5. Navigate back to Logs Explorer, and locate your newly published Demodata/Reco Service App Logs. Your new columns are now available to pivot from, and you have also successfully parsed the message field into its own column appmessage. Click the drop-down arrow in the top right of one of the cells in the Demodata/otel/Trace column, and click the Trace ID under Selected resource > Instance Page. This should open a new tab.

Trace drilldown from logs

Figure 13 - Pivoting from Logs to Traces

Note

By double clicking the linked Demodata/otel/Trace or Demodata/otel/Span columns, summary data about Traces and Spans are also immediately available.

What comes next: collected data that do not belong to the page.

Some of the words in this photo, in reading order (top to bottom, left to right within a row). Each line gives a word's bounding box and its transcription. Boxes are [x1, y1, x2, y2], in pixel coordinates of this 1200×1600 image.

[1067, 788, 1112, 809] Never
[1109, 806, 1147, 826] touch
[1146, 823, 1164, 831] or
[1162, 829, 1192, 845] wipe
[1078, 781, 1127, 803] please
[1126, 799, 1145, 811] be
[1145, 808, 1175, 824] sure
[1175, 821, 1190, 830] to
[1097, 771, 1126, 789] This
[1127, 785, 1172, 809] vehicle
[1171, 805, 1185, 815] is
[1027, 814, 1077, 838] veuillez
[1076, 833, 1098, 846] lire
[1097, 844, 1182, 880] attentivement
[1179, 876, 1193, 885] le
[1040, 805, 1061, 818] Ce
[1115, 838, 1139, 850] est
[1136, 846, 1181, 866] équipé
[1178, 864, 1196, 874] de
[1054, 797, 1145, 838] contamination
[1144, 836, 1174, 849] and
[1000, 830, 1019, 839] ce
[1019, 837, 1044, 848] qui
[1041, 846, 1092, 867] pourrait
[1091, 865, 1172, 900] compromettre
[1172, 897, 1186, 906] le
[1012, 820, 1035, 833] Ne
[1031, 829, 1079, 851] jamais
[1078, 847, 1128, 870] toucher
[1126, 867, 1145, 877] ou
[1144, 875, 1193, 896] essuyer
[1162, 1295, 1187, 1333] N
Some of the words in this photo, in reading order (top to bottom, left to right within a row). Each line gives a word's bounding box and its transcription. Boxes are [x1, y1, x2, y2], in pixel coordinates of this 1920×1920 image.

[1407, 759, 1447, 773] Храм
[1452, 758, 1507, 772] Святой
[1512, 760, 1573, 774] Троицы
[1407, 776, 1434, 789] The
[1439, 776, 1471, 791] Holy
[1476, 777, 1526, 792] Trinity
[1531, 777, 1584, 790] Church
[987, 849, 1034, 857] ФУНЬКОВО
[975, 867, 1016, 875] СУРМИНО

6. In your new tab, you will see your Trace Resource dashboard. Double-click the span grpc.hipstershop.RecommendationService/ListRecommendations associated to the frontend service. The right rail will contain a summary of the Trace data, and other attributes. You can also pivot into other Resource dashboards, such as Operation.

Trace details

Figure 14 - Trace Resource Dashboard

Note

As service failures are intermittent, you may not immediately see a trace with an error. In the Log Explorer, you can filter down to just appmessage values that contain cache miss, which are more likely to have traces with errors.

Congratulations! Now that you have tied together Logs, Metrics and Traces, you feel confident that the recommendation service is likely suffering from OOM issues, possibly due to some application changes that have been exacerbated by a recent increase in user traffic. For now, you’ve paged the on-call developer for the service, and will start in on the inevitable Post Incident Review.